Um estudo recente indicou que o consumo de bebidas com adoçantes artificiais por grávidas com diabetes gestacionais estava associado a um Índice de Massa Corporal mais elevado e um risco de excesso de peso e obesidade nos filhos, aos sete anos de idade.
 
Apesar de as bebidas com corantes artificiais estarem a substituir as bebidas com açúcar devido a questões de saúde ligadas ao consumo de açúcar, o facto é que o presente estudo sugere o contrário.
 
Para o estudo, os investigadores recrutaram 918 pares de mães e filhos oriundos da Coorte Nacional de Nascimentos Dinamarqueses. Os participantes tomaram parte de entrevistas por via telefónica nas semanas 12 e 30 da gravidez, bem como aos seis e 18 meses após o parto. Foram recolhidos dados sobre fatores sociodemográficos, perinatais e clínicos, assim como a alimentação das mães durante a gravidez.
 
Relativamente aos filhos, foram calculados os Índices de Massa Corporal e de obesidade ou excesso de peso na altura do nascimento, aos cinco, 12 meses e sete anos. Foi efetuado um questionário de seguimento aos pais, sobre a saúde e desenvolvimento das crianças quando estas tinham sete anos.
 
Os resultados revelaram que 45,4% das mães disseram ter consumido bebidas com adoçantes artificiais durante a gravidez.
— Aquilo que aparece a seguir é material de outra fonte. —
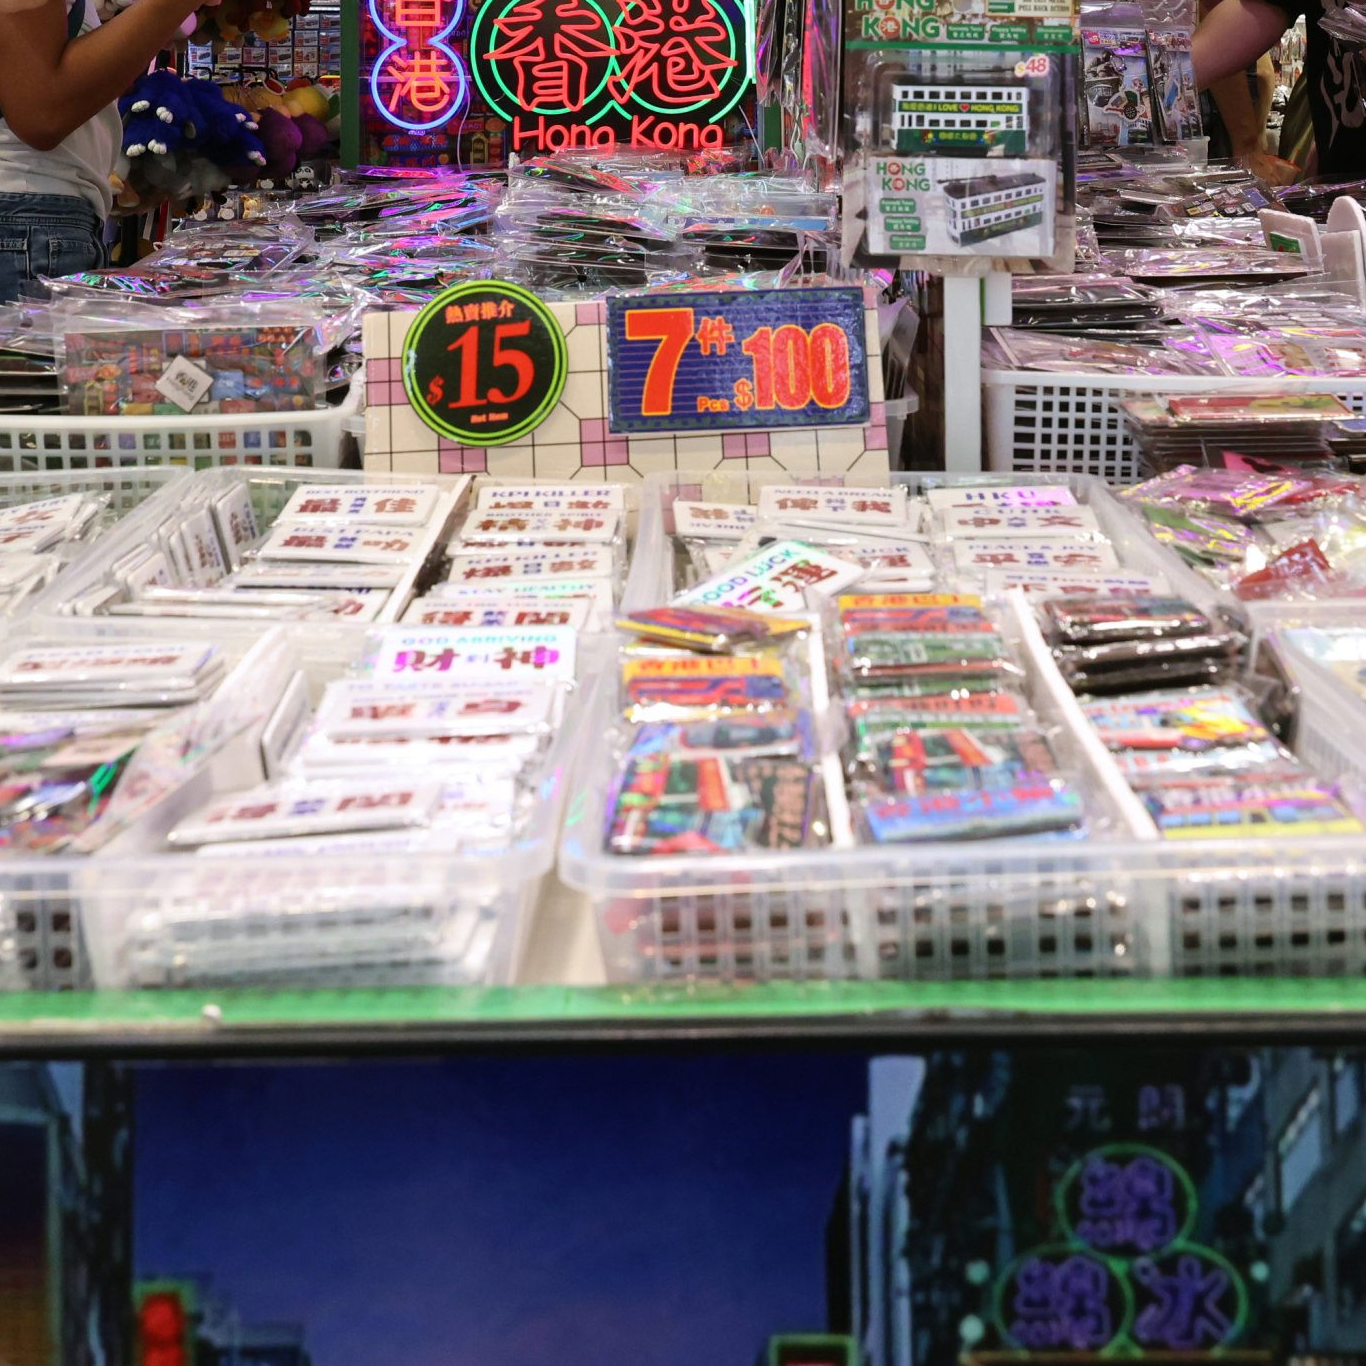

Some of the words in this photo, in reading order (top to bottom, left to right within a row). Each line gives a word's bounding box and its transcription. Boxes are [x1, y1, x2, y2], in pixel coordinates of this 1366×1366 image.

[863, 15, 940, 38] KONG
[938, 103, 958, 112] LOVE
[971, 103, 995, 113] HONG
[996, 103, 1020, 113] KONG
[511, 114, 616, 153] Hong
[630, 113, 724, 151] Kong
[876, 162, 925, 175] HONG
[881, 178, 930, 192] KONG
[624, 307, 695, 417] 7
[696, 316, 734, 356] 件
[733, 322, 850, 412] $100
[697, 397, 729, 413] Pcs
[965, 490, 1036, 501] HKU
[745, 549, 802, 577] LUCK
[401, 636, 450, 646] GOD
[456, 634, 558, 645] ARRIVING
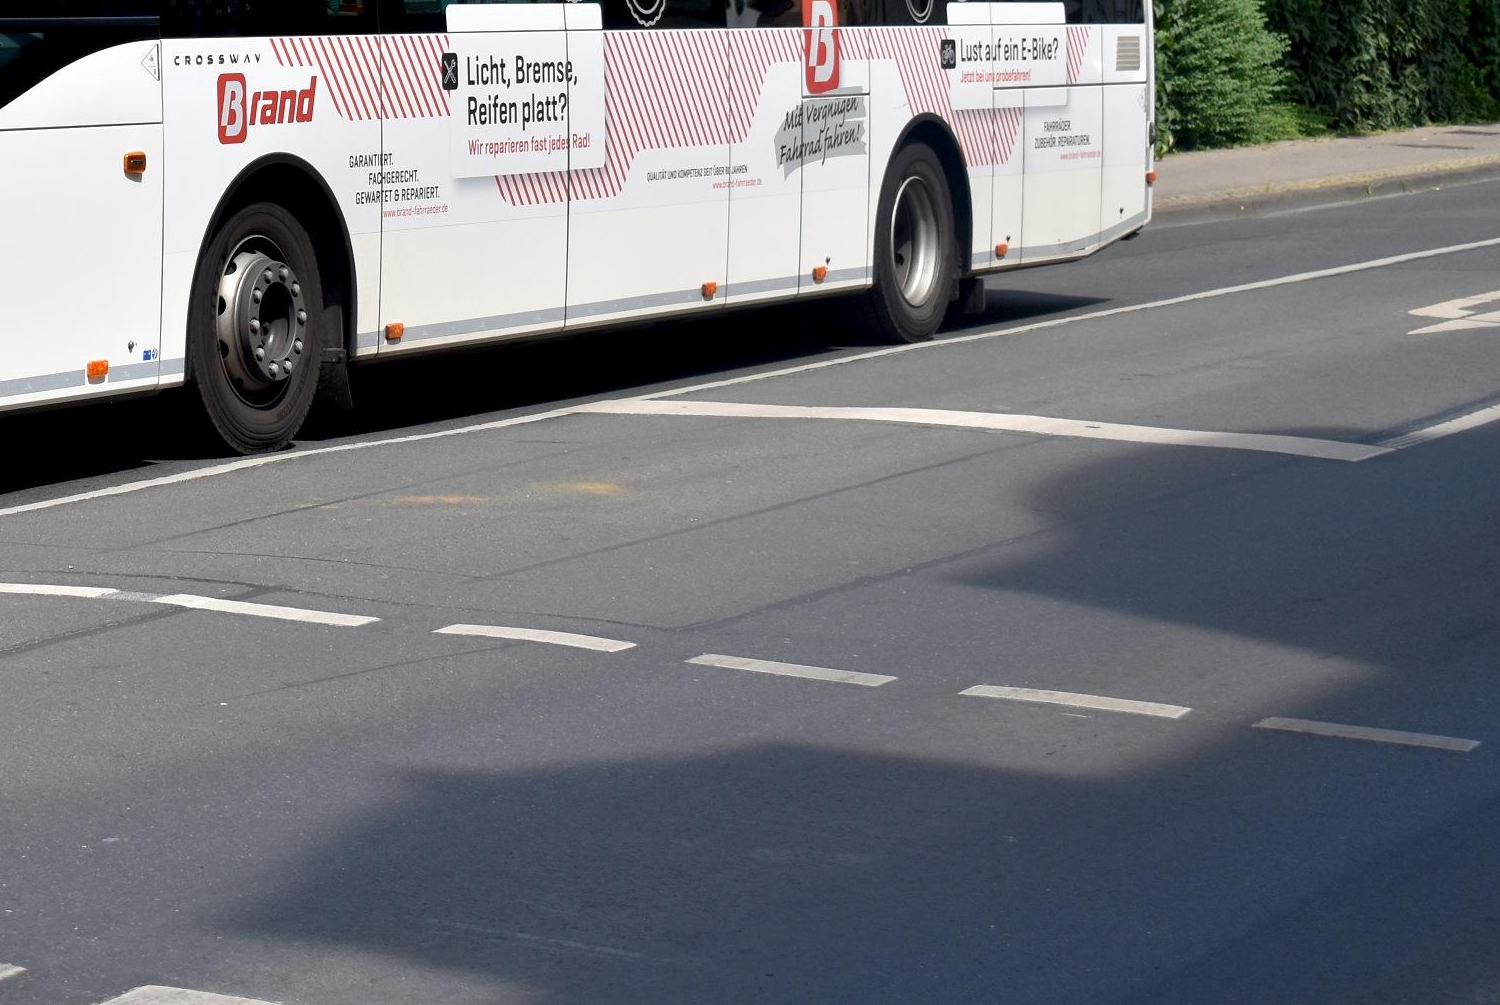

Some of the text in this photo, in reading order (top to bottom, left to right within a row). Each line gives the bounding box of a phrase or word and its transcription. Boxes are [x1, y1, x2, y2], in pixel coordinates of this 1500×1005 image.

[961, 37, 1058, 62] Lust auf ein E-Bike?
[467, 55, 577, 89] Licht, Bremse,
[961, 71, 974, 83] Jetzt
[976, 70, 984, 82] bei
[218, 75, 317, 142] Brand
[468, 92, 567, 131] Reifen platt?
[468, 133, 590, 158] Wir reparieren fast jedes Rad!
[821, 124, 861, 166] fahren!
[349, 153, 394, 168] GARANTIERT.
[368, 170, 419, 185] FACHGERECHT.
[355, 186, 440, 204] GEWARTET & REPARIERT.
Embora 68,7% tenham dito consumir bebidas com açúcar adicionado, o consumo de bebidas com adoçantes artificiais – em comparação com nunca se ter consumido bebidas com corantes artificiais – por grávidas com diabetes gestacional foi associado a um aumento de 1,93 no risco de as crianças terem excesso de peso ou serem obesas aos sete anos de idade.
 
As associações foram mais observadas nos meninos do que nas meninas. A substituição das bebidas com açúcar adicionado por bebidas com adoçantes artificiais foi associada a um aumento no risco de os filhos terem excesso de peso ou serem obesos aos sete anos de idade. 
 
Por outro lado, a substituição de bebidas com corantes artificiais foi associada a uma redução de 17% no risco de obesidade e excesso de peso nas crianças.
 
Como conclusão, os achados demonstram uma associação entre a exposição intrauterina a bebidas com adoçantes artificias e o tamanho dos neonatos e o risco de excesso de peso e obesidade aos sete anos de idade dos mesmos.  
 
ALERT Life Sciences Computing, S.A.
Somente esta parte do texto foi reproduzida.